With one non-movable section

Bar
A bar (also known as a slab, block, candybar) phone takes the shape of a cuboid, usually with rounded corners and/or edges. The name is derived from the rough resemblance to a chocolate bar in size and shape. This form factor is widely used by a variety of manufacturers, such as Nokia and Sony Ericsson. Bar-type smartphones commonly have the screen and keypad on a single face. Sony had a well-known 'Mars Bar' phone model CM-H333 in 1993 that was longer and thinner than the typical bar phone. Bar phones without a full keyboard tend to have a 3×4 numerical keypad; text is often generated on such systems using the Text on 9 keys algorithm.

Keyboard bars
These are variants of bars that have a full QWERTY keyboard on the front. While they are technically the same as a regular bar phone, the keyboard and all the buttons make them look significantly different. Devices like these were popular in the mid to late 2000s, but lost popularity afterward. The BlackBerry line from Research In Motion (RIM) was particularly popular and influential in this category.

Brick
"Brick" is a slang term used to refer to large, outdated rectangular phones, typically early devices with large batteries and electronics. These early phones, such as the Motorola DynaTAC, have been displaced by newer smaller models which offer greater portability thanks to smaller antennas and slimmer battery packs.

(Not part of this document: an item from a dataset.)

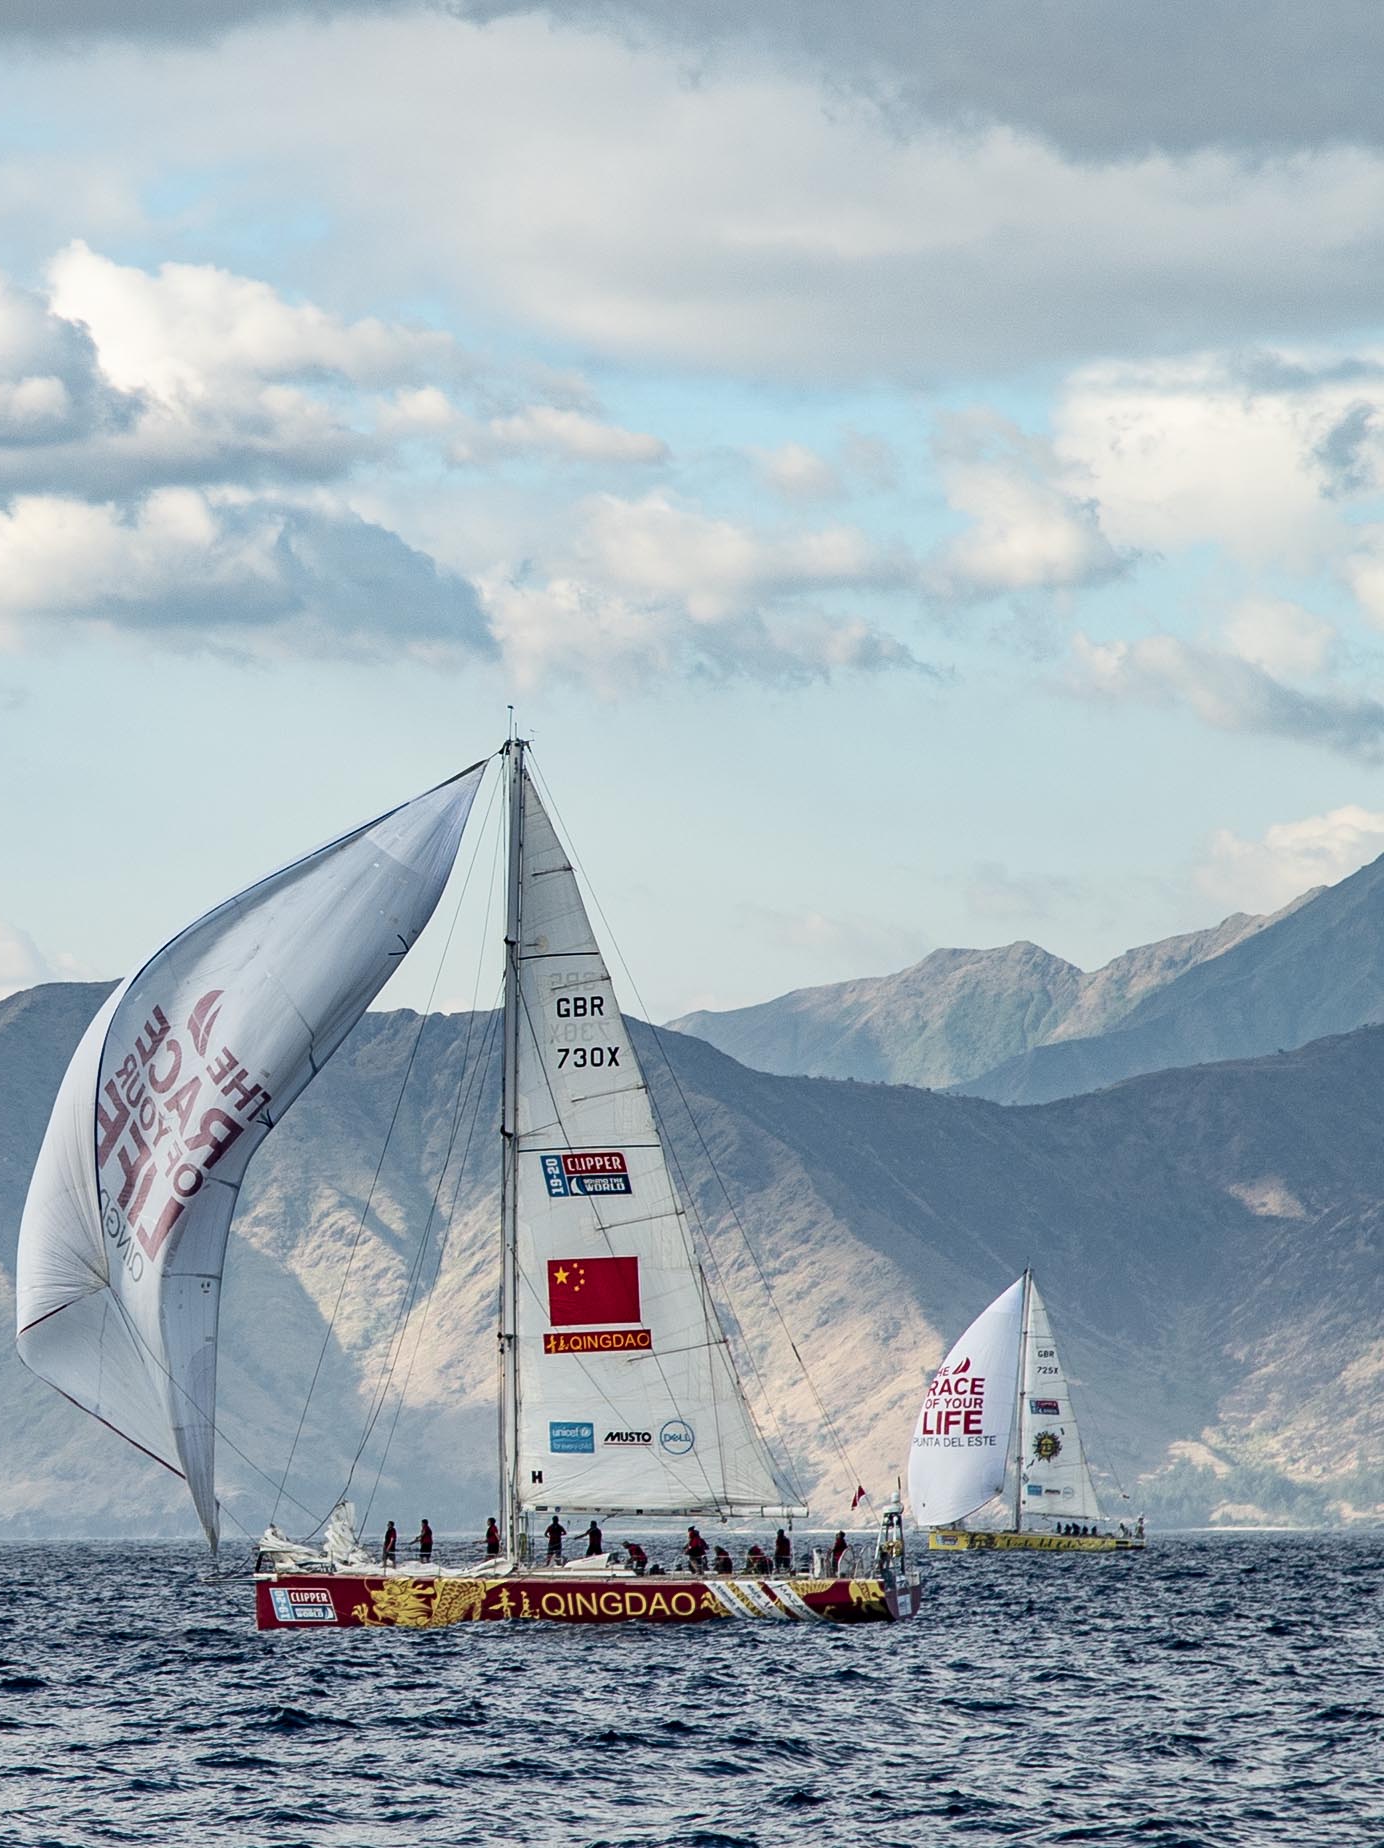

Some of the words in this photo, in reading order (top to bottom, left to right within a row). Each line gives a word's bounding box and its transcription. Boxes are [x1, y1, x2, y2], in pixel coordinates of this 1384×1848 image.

However, "brick" has more recently been applied to older phone models in general, including non-bar form factors (flip, slider, swivel, etc.), and even early touchscreen phones as well, due to their size and relative lack of functionality compared to current models on the market.

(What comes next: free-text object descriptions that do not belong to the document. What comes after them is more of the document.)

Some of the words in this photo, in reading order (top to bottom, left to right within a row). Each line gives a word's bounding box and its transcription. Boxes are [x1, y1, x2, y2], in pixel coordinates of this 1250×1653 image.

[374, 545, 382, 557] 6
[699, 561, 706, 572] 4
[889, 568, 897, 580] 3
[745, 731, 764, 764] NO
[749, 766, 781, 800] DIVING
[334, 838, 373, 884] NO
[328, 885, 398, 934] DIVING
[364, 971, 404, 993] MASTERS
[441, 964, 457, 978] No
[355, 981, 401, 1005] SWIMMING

The term "brick" has also expanded beyond smartphones to include most non-working consumer electronics, including a game console, router, or other device, that, due to a serious misconfiguration, corrupted firmware, or a hardware problem, can no longer function, hence, is as technologically useful as a brick. The term derives from the vaguely cuboid shape of many electronic devices (and their detachable power supplies) and the suggestion that the device can function only as a lifeless, square object, paperweight or doorstop. This term is commonly used as a verb. For example, "I bricked my MP3 player when I tried to modify its firmware." It can also be used as a noun, for example, "If it's corrupted and you apply using fastboot, your device is a brick." In the common usage of the term, "bricking" suggests that the damage is so serious as to have rendered the device permanently unusable.

Slate
A slate is a smartphone form with few to no physical buttons, instead relying upon a touchscreen and an onscreen virtual keyboard for input.  The first commercially available touchscreen phone was a brick phone, the IBM Simon Personal Communicator, released in 1994.  The iPhone, which was released by Apple in 2007, is largely responsible for the influence and achievement of this design as it is currently conceived.

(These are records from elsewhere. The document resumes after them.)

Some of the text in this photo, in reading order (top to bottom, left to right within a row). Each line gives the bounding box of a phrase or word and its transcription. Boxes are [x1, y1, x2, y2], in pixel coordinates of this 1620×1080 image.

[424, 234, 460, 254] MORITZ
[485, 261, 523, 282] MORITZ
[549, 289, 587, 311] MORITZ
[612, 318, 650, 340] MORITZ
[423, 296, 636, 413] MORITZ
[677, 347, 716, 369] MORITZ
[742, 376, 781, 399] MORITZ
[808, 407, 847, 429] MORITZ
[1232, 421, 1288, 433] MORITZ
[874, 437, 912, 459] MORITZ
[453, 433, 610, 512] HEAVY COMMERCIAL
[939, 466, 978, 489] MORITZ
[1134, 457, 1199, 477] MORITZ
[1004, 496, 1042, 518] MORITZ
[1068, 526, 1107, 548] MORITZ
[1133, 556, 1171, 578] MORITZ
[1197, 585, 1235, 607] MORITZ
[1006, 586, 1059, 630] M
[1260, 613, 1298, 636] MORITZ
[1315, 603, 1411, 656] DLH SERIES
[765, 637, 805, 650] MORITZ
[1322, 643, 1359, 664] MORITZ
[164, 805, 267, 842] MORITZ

Some unusual "slate" designs include that of LG New Chocolate (BL40), or the Samsung Galaxy Round, which is curved.

Phablet

The phablet or smartlet is a subset of the slate/touchscreen. A portmanteau of the words phone and tablet, phablets are a class of mobile device designed to combine or straddle the size of a slate smartphone together with a tablet. Phablets typically have screens that measure (diagonally) greater than 5.3 inches, and are considerably larger than most high-end slate smartphones of the time (i.e. the Samsung Galaxy Note II smartlet versus the Samsung Galaxy SIII smartphone), which have to be 5.2 inches or less to be known as a smartphone, though significantly smaller than tablets (which must be 7 inches or above to be considered as such).

Multi-screen
The multi-screen is of basically the slate form factor, but with two touchscreens.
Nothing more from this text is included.